Each record is to be printed exactly as given, down to the last mark.

Top of DATA FOR REVIEW

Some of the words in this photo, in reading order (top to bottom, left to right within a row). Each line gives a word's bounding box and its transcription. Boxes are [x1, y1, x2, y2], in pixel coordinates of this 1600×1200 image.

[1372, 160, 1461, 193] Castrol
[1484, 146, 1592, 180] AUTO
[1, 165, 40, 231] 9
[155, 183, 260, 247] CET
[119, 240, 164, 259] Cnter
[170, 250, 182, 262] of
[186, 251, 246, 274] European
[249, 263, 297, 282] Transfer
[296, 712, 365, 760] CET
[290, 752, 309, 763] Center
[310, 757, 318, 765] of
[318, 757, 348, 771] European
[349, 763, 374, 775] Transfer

Bottom of DATA FOR REVIEW

-- TASK SOLUTION --
Some of the words in this photo, in reading order (top to bottom, left to right within a row). Each line gives a word's bounding box and its transcription. Boxes are [x1, y1, x2, y2], in pixel coordinates of this 1600×1200 image.

[1372, 160, 1461, 193] Castrol
[1484, 146, 1592, 180] AUTO
[1, 165, 40, 231] 9
[155, 183, 260, 247] CET
[119, 240, 164, 259] Cnter
[170, 250, 182, 262] of
[186, 251, 246, 274] European
[249, 263, 297, 282] Transfer
[296, 712, 365, 760] CET
[290, 752, 309, 763] Center
[310, 757, 318, 765] of
[318, 757, 348, 771] European
[349, 763, 374, 775] Transfer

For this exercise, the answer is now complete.